- [Problem to solve]: A faithful copy of the data below is required, leaving out every picture.

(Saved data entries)
+-------+
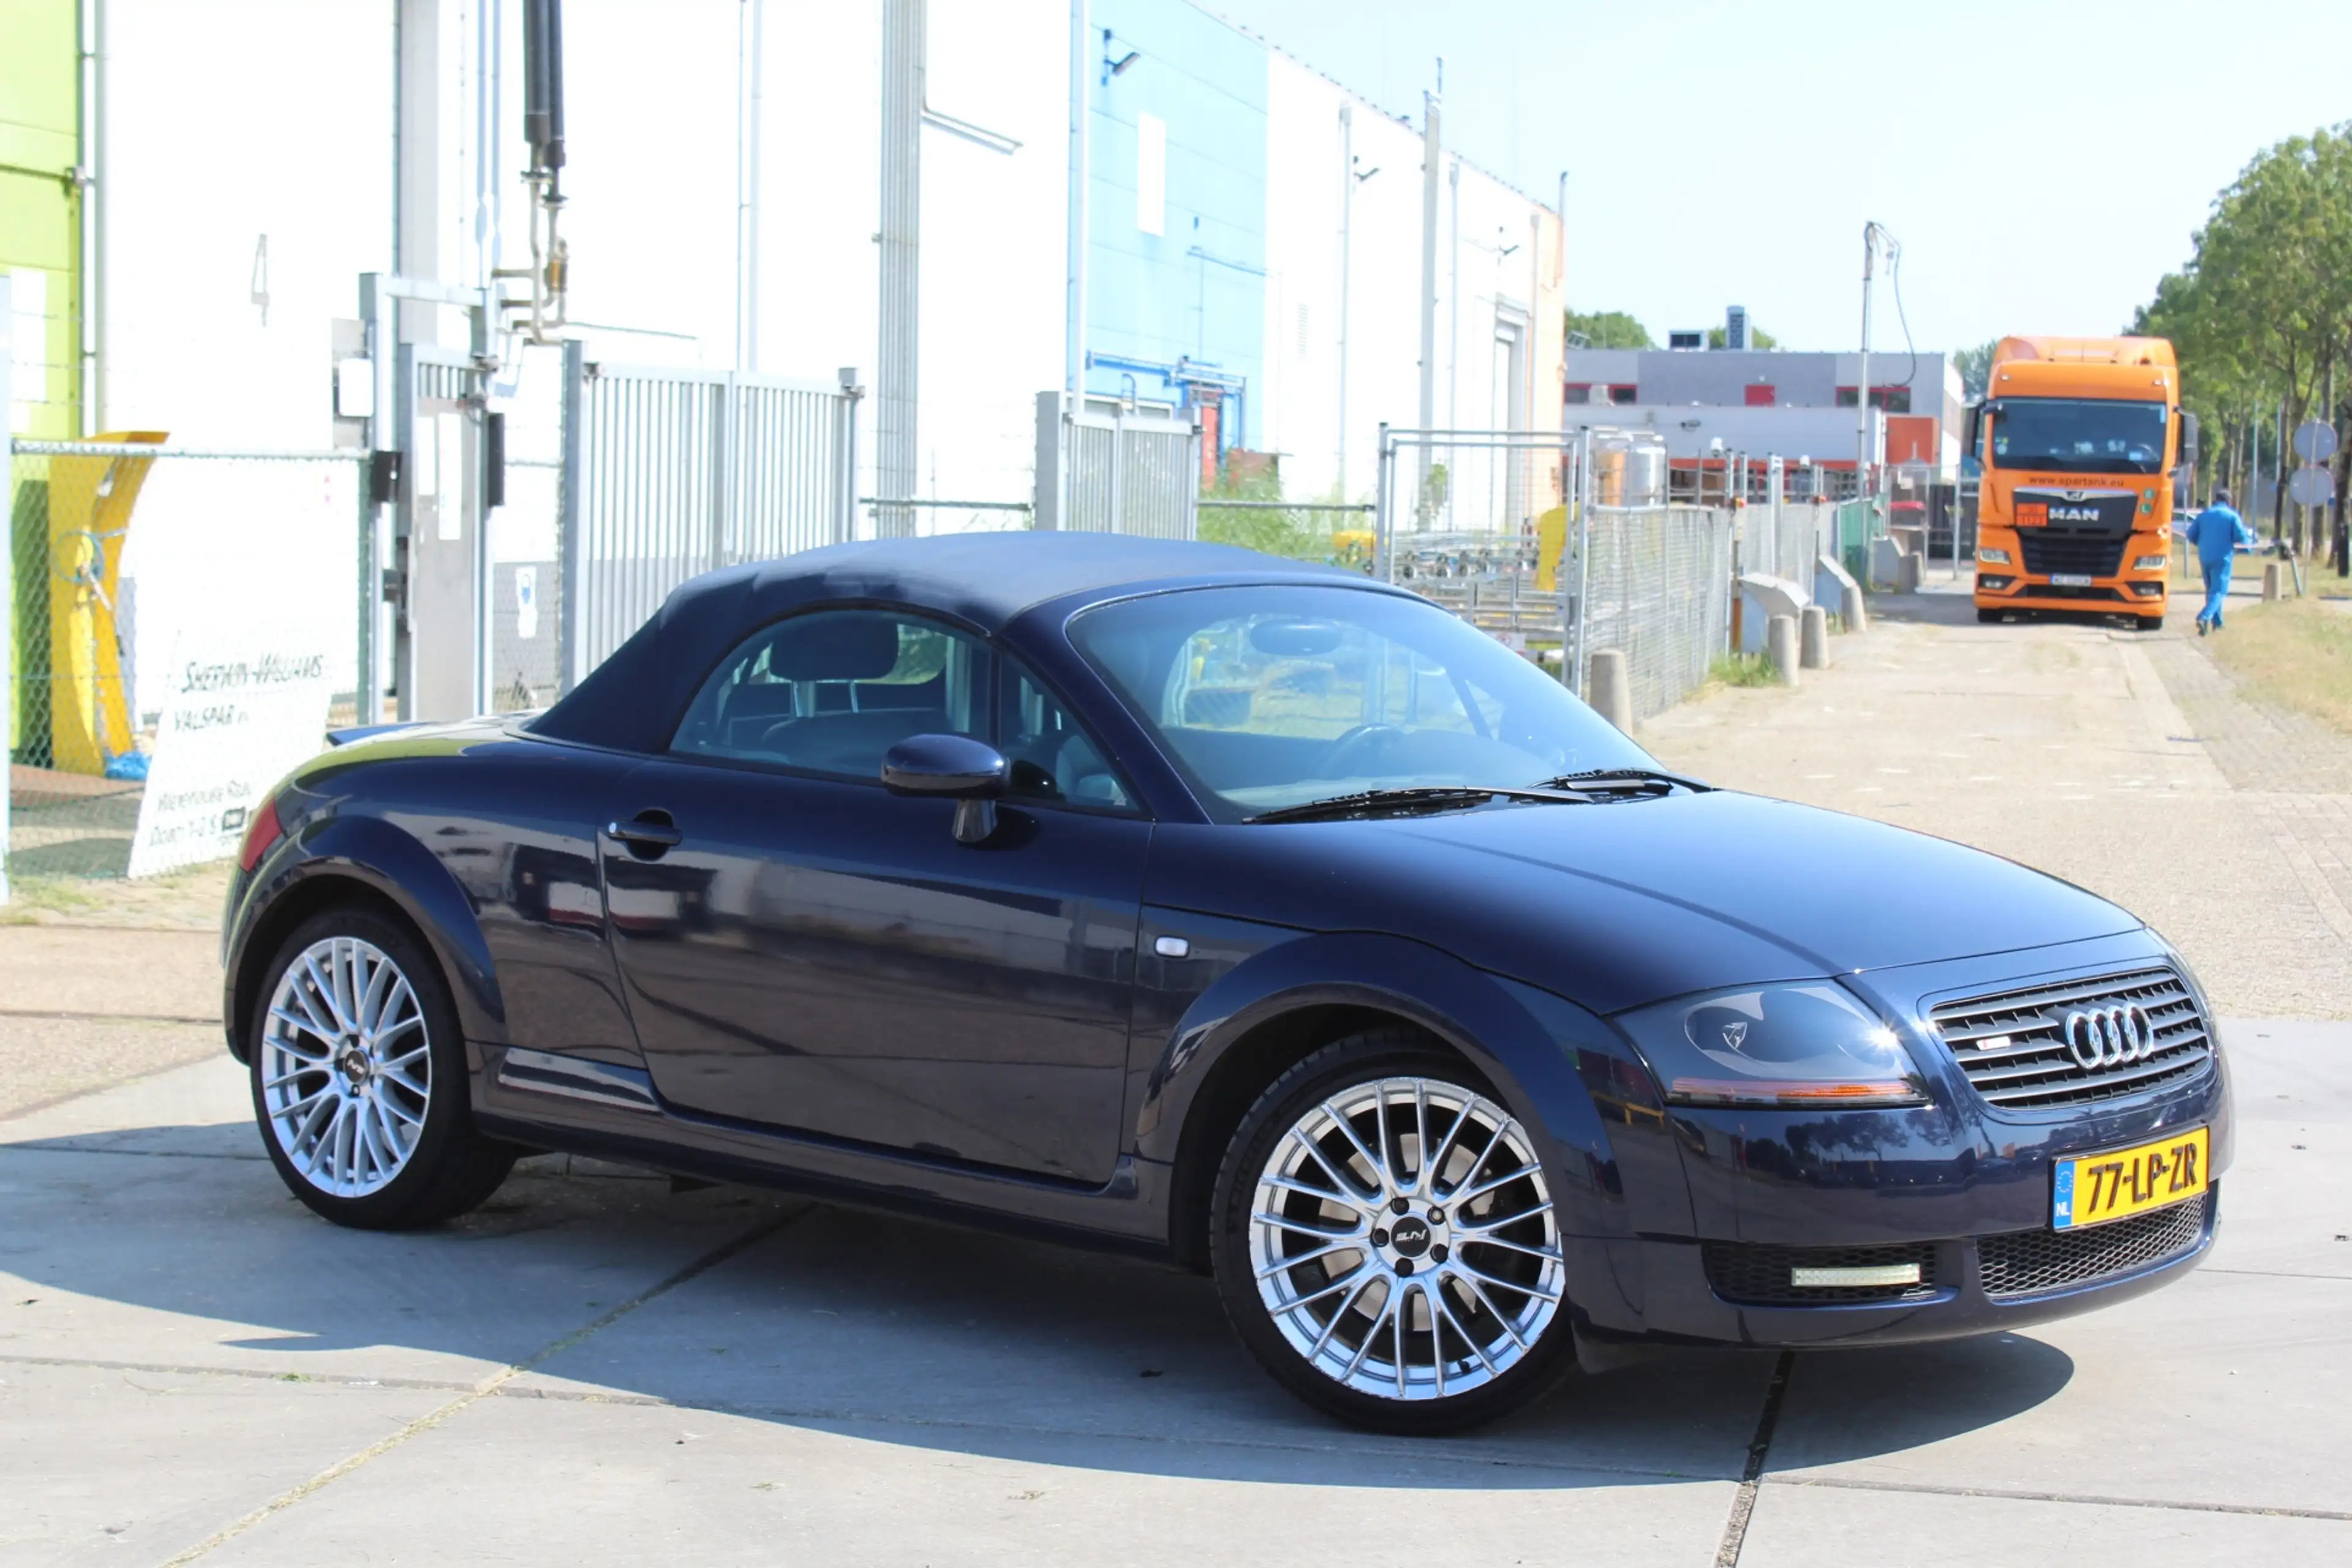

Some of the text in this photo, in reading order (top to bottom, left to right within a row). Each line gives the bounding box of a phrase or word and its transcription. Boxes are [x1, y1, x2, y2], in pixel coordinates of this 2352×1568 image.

[2029, 475, 2124, 486] www.spartank.eu
[2049, 507, 2100, 521] MAN
[2087, 1142, 2198, 1215] 77-LP-ZR
[2056, 1201, 2070, 1216] NL
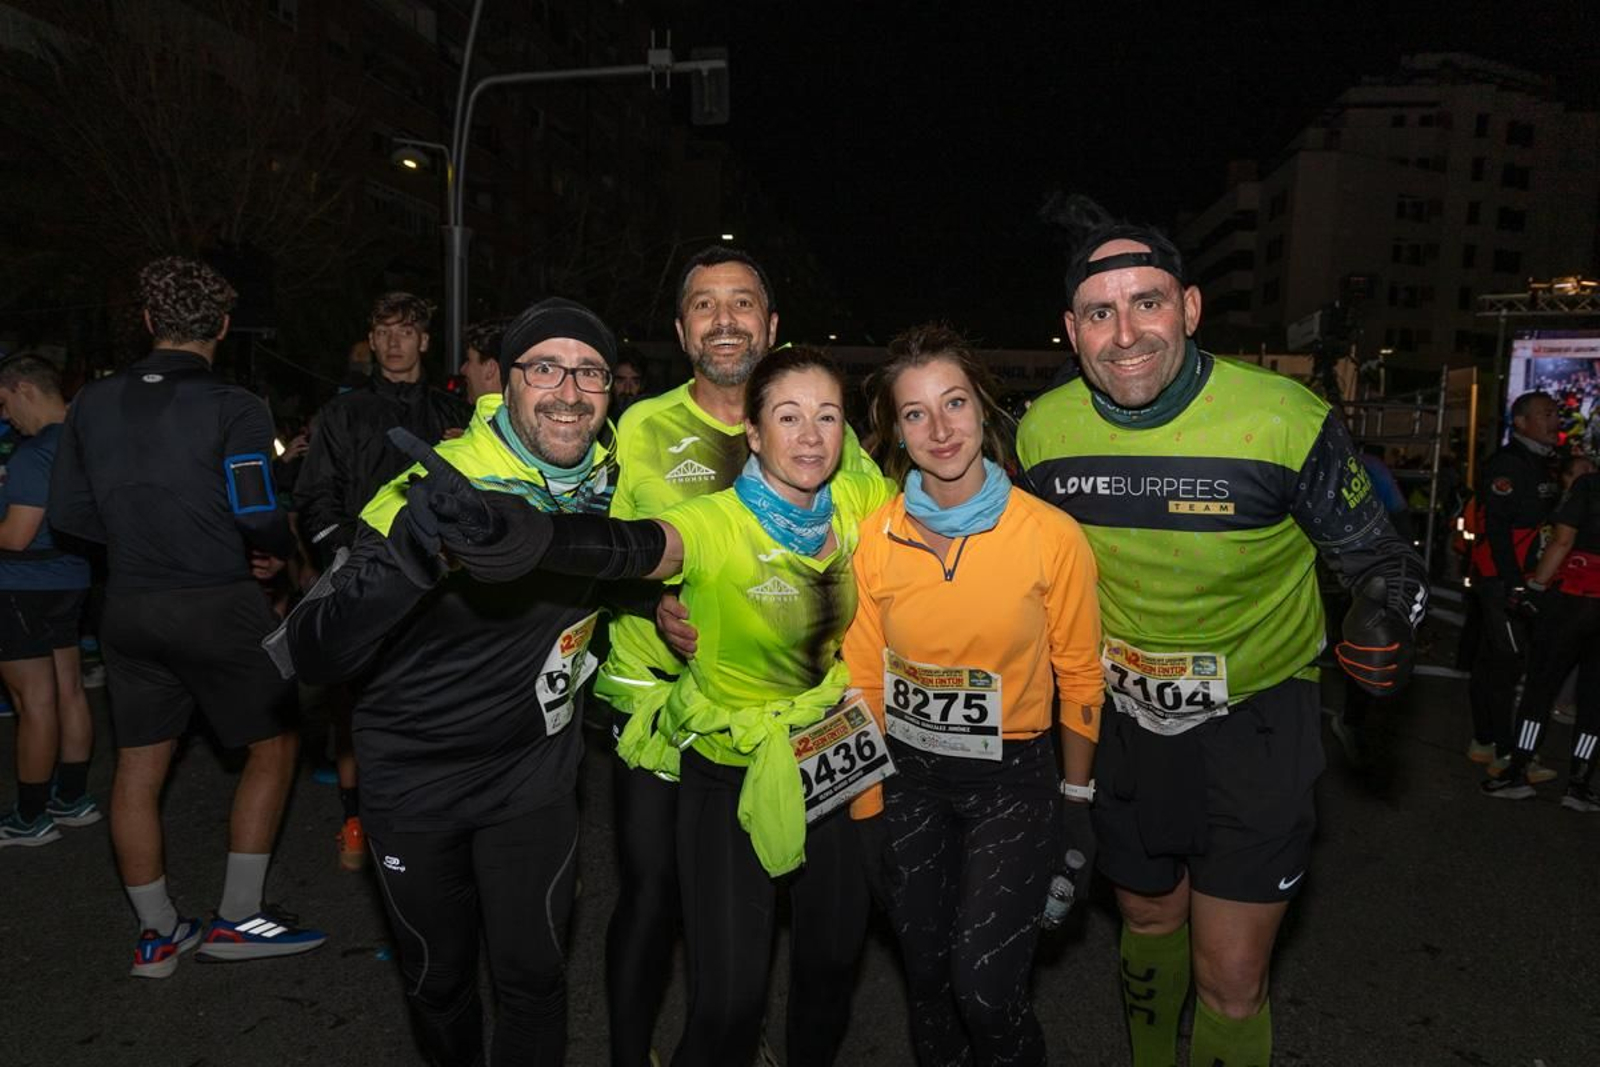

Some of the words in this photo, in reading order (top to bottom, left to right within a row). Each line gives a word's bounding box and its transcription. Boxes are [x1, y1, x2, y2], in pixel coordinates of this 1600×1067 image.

[1055, 476, 1230, 500] LOVEBURPEES
[1174, 502, 1230, 513] TEAM
[892, 678, 989, 724] 8275
[1110, 663, 1216, 711] 7104
+-------+
- [Written reply]:
Some of the text in this photo, in reading order (top to bottom, left to right within a row). Each line gives the bounding box of a phrase or word and its transcription. Boxes are [x1, y1, x2, y2], in pixel coordinates of this 2352×1568 image.

[2029, 475, 2124, 486] www.spartank.eu
[2049, 507, 2100, 521] MAN
[2087, 1142, 2198, 1215] 77-LP-ZR
[2056, 1201, 2070, 1216] NL

Some of the words in this photo, in reading order (top to bottom, left to right within a row). Each line gives a word's bounding box and its transcription. Boxes are [x1, y1, x2, y2], in pixel coordinates of this 1600×1067 image.

[1055, 476, 1230, 500] LOVEBURPEES
[1174, 502, 1230, 513] TEAM
[892, 678, 989, 724] 8275
[1110, 663, 1216, 711] 7104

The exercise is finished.